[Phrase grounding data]

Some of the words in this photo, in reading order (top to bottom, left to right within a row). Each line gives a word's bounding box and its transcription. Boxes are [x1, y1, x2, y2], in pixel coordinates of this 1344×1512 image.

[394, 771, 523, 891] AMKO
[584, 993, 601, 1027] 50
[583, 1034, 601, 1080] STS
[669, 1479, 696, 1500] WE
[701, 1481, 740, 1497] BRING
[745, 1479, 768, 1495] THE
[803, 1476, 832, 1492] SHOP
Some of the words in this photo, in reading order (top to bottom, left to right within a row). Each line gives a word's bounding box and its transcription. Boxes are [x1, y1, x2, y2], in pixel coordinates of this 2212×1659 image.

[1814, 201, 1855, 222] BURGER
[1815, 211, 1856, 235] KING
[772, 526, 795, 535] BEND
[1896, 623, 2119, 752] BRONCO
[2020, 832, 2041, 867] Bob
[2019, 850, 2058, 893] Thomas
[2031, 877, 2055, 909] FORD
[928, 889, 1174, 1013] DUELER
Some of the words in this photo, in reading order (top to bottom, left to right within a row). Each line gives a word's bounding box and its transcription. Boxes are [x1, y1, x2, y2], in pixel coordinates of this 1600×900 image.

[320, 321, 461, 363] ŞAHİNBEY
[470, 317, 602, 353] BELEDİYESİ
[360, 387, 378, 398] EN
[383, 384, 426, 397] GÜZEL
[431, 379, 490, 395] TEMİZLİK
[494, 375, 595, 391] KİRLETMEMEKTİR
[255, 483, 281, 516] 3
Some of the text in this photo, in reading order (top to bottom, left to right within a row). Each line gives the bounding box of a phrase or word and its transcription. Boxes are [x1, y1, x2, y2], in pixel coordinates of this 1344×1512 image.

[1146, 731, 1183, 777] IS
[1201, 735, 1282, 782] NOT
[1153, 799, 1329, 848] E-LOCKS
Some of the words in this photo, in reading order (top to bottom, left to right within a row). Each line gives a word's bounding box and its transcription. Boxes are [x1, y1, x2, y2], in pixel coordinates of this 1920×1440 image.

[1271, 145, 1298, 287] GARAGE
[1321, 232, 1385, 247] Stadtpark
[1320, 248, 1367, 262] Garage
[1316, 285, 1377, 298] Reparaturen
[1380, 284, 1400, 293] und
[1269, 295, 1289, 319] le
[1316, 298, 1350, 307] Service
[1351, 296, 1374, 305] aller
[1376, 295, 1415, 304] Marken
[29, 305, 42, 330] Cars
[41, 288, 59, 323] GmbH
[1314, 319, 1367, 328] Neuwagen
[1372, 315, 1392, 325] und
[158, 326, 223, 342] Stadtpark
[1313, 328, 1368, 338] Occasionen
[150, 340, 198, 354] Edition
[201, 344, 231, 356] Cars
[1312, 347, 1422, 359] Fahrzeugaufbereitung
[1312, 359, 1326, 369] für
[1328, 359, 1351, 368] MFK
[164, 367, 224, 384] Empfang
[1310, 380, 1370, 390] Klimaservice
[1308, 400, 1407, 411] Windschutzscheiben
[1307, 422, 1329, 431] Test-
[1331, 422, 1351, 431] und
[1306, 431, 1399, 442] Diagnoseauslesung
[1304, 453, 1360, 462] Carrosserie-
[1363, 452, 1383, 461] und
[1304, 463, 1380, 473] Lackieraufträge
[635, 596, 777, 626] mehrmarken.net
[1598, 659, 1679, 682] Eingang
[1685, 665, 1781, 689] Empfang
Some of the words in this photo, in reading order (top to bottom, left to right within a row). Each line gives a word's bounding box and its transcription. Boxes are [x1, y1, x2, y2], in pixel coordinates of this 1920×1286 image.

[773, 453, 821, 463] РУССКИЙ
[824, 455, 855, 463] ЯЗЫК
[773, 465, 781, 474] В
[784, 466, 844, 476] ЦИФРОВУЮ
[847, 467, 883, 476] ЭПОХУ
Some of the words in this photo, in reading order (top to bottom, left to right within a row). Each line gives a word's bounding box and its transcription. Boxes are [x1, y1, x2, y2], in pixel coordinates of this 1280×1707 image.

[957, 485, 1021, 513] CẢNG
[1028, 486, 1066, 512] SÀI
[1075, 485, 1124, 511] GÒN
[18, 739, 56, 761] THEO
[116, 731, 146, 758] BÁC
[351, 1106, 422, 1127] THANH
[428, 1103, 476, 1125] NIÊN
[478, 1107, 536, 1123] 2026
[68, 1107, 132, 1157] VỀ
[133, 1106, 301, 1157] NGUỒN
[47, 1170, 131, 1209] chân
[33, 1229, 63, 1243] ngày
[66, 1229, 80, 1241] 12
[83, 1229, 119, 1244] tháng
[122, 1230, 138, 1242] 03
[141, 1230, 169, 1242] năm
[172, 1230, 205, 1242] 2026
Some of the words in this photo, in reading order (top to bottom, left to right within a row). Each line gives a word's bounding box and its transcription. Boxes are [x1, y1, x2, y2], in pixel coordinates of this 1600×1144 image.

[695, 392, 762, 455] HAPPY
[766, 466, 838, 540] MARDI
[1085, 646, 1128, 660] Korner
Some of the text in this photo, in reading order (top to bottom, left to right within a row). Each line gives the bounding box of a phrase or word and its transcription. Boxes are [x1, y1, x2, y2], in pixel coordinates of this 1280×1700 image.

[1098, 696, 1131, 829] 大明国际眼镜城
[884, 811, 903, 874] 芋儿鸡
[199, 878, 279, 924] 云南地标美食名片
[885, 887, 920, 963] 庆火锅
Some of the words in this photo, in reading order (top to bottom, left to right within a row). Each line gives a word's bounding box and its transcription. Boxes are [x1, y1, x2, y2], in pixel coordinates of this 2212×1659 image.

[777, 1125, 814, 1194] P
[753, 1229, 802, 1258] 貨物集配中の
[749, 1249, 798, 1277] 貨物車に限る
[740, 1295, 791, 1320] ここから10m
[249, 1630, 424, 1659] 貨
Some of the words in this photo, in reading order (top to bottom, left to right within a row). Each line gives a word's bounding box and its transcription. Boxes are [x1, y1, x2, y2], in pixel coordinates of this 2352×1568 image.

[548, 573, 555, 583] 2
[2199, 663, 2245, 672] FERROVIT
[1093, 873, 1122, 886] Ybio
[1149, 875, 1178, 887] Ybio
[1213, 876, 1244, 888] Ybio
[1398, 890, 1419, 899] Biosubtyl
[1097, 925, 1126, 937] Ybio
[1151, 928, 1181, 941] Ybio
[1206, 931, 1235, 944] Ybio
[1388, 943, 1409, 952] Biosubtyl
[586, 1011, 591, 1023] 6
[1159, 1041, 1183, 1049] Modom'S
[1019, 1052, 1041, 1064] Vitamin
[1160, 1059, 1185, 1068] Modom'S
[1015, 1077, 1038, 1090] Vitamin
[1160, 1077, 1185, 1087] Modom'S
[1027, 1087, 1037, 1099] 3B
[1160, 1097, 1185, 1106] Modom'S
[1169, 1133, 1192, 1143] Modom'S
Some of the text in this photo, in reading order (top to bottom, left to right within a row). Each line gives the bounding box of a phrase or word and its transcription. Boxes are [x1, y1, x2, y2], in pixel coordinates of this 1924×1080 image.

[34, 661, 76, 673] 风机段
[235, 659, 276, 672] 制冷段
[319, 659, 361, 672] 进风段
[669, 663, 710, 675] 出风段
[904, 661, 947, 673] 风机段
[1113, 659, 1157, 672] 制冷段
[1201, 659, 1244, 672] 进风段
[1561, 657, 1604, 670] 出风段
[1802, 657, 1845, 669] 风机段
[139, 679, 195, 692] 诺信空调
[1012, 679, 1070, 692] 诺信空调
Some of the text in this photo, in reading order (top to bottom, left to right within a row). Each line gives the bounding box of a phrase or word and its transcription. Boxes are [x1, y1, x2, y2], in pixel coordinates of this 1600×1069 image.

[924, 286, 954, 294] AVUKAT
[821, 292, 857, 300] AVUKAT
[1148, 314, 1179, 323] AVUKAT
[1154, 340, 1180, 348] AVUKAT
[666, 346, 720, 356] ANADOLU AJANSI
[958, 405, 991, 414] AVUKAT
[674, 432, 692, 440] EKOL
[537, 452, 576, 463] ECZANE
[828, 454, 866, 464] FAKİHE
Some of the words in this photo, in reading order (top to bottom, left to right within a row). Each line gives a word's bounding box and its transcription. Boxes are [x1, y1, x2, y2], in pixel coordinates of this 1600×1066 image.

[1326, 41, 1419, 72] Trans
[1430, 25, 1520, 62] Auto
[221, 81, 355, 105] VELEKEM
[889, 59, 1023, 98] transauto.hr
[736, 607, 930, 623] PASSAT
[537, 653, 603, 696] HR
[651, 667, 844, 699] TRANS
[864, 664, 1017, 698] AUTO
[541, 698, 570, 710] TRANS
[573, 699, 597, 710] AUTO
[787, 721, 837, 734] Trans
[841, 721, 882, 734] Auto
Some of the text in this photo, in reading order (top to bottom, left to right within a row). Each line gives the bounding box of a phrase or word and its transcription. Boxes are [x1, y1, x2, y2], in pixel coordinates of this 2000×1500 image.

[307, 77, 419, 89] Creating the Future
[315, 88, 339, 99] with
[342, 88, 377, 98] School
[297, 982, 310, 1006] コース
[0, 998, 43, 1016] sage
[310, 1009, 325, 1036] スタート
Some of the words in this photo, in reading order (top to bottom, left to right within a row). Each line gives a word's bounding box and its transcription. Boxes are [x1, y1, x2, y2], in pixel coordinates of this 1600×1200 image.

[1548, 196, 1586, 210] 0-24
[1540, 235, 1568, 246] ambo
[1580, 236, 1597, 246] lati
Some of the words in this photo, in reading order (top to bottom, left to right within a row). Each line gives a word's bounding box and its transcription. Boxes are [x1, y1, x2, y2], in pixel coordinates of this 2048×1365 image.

## Task objective
Write out only what runs from the line holding "this 2000×1500 image." through the last line of the records, exactly as shown.

## Response
Some of the text in this photo, in reading order (top to bottom, left to right within a row). Each line gives the bounding box of a phrase or word and its transcription. Boxes are [x1, y1, x2, y2], in pixel coordinates of this 2000×1500 image.

[307, 77, 419, 89] Creating the Future
[315, 88, 339, 99] with
[342, 88, 377, 98] School
[297, 982, 310, 1006] コース
[0, 998, 43, 1016] sage
[310, 1009, 325, 1036] スタート
Some of the words in this photo, in reading order (top to bottom, left to right within a row). Each line gives a word's bounding box and its transcription. Boxes are [x1, y1, x2, y2], in pixel coordinates of this 1600×1200 image.

[1548, 196, 1586, 210] 0-24
[1540, 235, 1568, 246] ambo
[1580, 236, 1597, 246] lati
Some of the words in this photo, in reading order (top to bottom, left to right within a row). Each line gives a word's bounding box and its transcription. Boxes are [x1, y1, x2, y2], in pixel coordinates of this 2048×1365 image.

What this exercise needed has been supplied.